O orador, então presidente do sindicato dos metalúrgicos da cidade vizinha de São Bernardo do Campo, viria a se tornar rapidamente o agitador carismático, várias vezes preso e o antagonista dos generais presidentes. Após ter trazido à tona essas gloriosas lembranças, Lula se dirige a seu último encontro da noite, um showmício organizado não muito longe de lá. Um a um, três eminências do PT, a sexóloga e prefeita de São Paulo, Marta Suplicy, o economista Aloísio Mercadante, que busca um mandato de senador, e o antigo guerrilheiro maoísta José Genoíno, candidato ao governo do estado de São Paulo, aquecem o público antes do evento.

PACTO DE TRANSIÇÃO

A seguir, saudado por uma formidável ovação antes de dar lugar à dupla Zezé de Camargo e Luciano, astros da música sertaneja, Lula promete “governar um país onde o povo terá recuperado seu amor-próprio”.

Nenhuma nação vai progredir implorando ao FMI”, prossegue ele, em alusão aos acordos sucessivos fechados, desde 1998, entre o governo e o órgão internacional. No entanto, com seus principais rivais, o líder histórico do PT aceitou o “pacto de transição” proposto pelo presidente Fernando Henrique Cardoso, no início de setembro, com o intuito de tranquilizar os mercados financeiros em pânico ante a perspectiva de uma moratória iminente da dívida pública. Ele está disposto, portanto, em caso de vitória, a respeitar os termos do novo acordo de quinze meses fechado com o FMI, anteriormente apelidado de “ladrão do povo” pelos militantes da esquerda.

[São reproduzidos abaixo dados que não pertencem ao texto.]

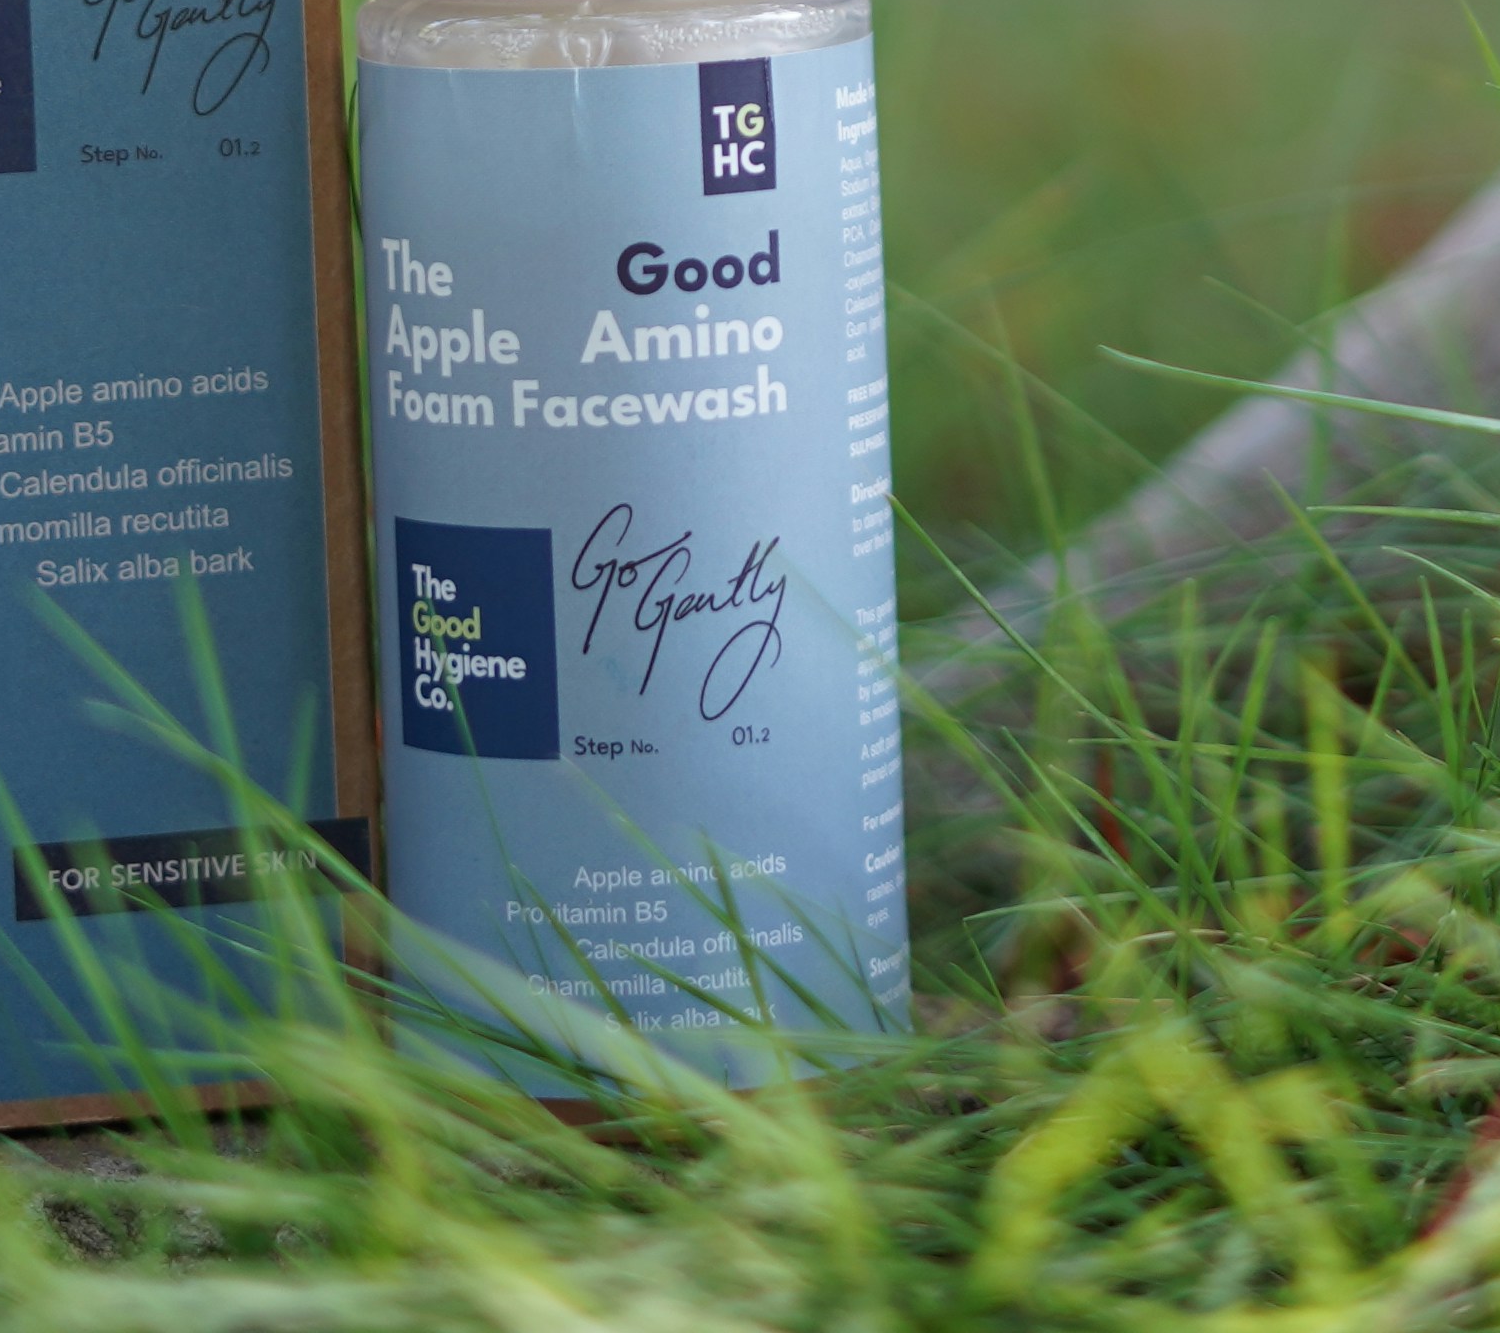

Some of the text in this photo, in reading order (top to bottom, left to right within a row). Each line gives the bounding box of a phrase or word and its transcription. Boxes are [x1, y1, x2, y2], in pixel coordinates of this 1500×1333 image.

Impensável há não muito tempo, essa postura diz muito sobre a mutação do candidato Lula. Fundador de um Partido dos Trabalhadores permeado por múltiplas correntes que vão de trotskistas a social-liberais, ele hoje se divide entre sua admiração inquebrantável pelo Líder Máximo Fidel Castro e as contingências do pragmatismo político.

Particularmente, Lula, aos 56 anos, afirma em voz alta que a eleição é uma “farsa” e que é preciso passar por ela para tomar o poder. De onde, entre outras inovações dificilmente digeridas pelos radicais do partido, sua decisão de confiar a organização de sua campanha ao guru nacional do marketing político, Duda Mendonça. Este último construiu sua propalada reputação ao se colocar a serviço de Paulo Maluf, antigo prefeito e governador de São Paulo e pior encarnação da direita populista.

As três derrotas sucessivas de Lula nas eleições presidenciais (1989, 1994 e 1998) – as duas últimas contra o presidente Cardoso já no primeiro turno – deixaram marcas. Nessa época, Lula pregava “a ruptura com o sistema capitalista”.

Hoje, ele faz campanha ao lado de seu companheiro de chapa e candidato à vice-presidência, José Alencar. Chefe do grupo têxtil Coteminas, empregando 16000 operários, Alencar é senador de uma modesta formação de direita, o Partido Liberal, ao qual o PT terminou por se aliar, sob a pressão de seu presidente de honra. Apesar da revolta dos radicais do partido, Lula rejeitou as coalizões de esquerda do passado. As últimas pesquisas mostram que ele está prestes a se eleger no primeiro turno.